Lieutenant General Edwin Paul Smith (born 8 August 1945) commanded the U.S. Army, Pacific from October 1998 to his retirement in November 2002. He graduated from the United States Military Academy in 1967 and went on to earn two graduate degrees. He earned a Master of Arts in English from the University of Kentucky and a Master of Business Administration from Long Island University.

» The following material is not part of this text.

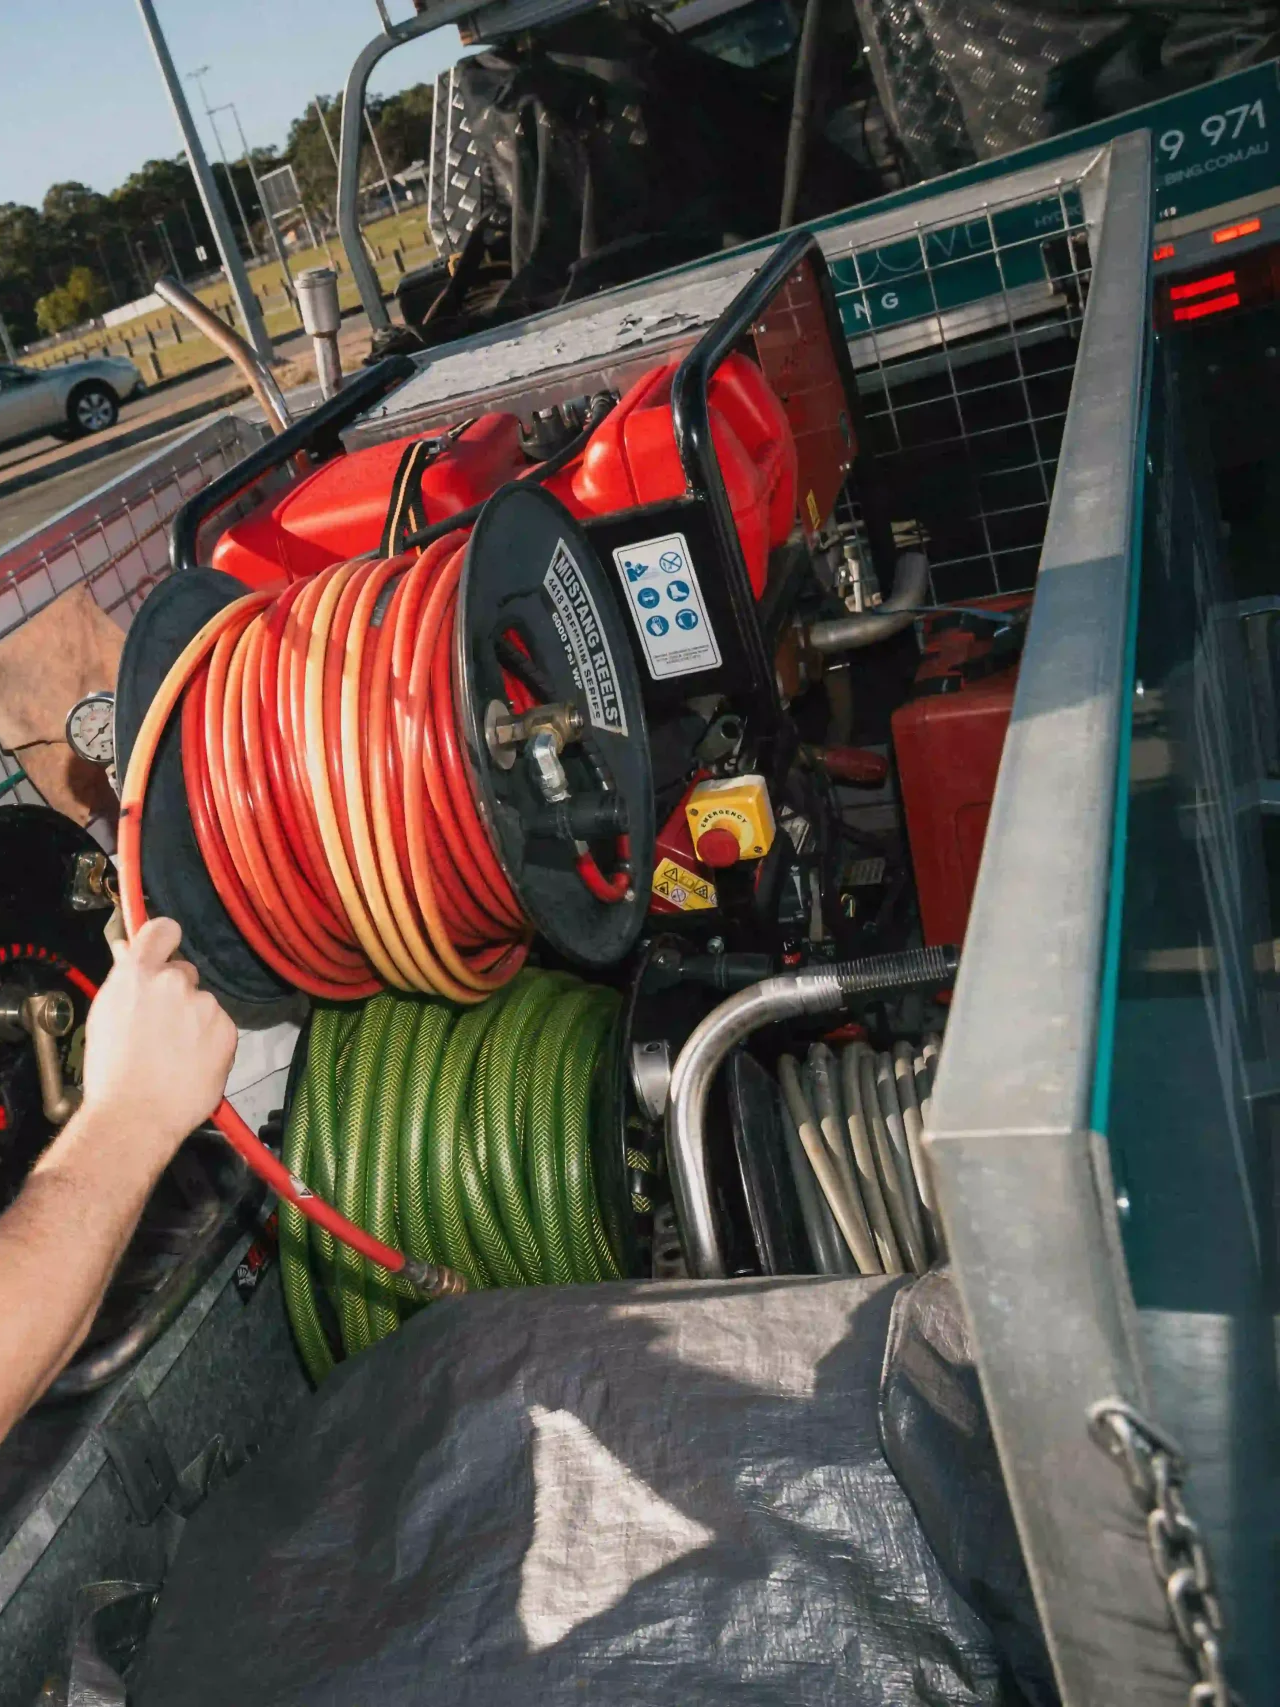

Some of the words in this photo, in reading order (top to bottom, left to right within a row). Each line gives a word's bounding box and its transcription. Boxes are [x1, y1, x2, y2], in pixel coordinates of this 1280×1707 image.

Smith is also a graduate of the Canadian National Defense College.

Smith served one tour in Vietnam during 1968 as an infantry platoon leader. Promoted to Brigadier General in 1993, Smith's major command prior to USARPAC was as Commanding General of the U.S. Army Southern European Task Force in Vicenza, Italy. Other major duty assignments were as Deputy for Readiness for the U.S. Pacific Command from 1991–1993. He then served as Executive Officer to the Supreme Allied Commander Europe, in Belgium, followed by a tour as Assistant Division Commander for the 82nd Airborne Division at Fort Bragg.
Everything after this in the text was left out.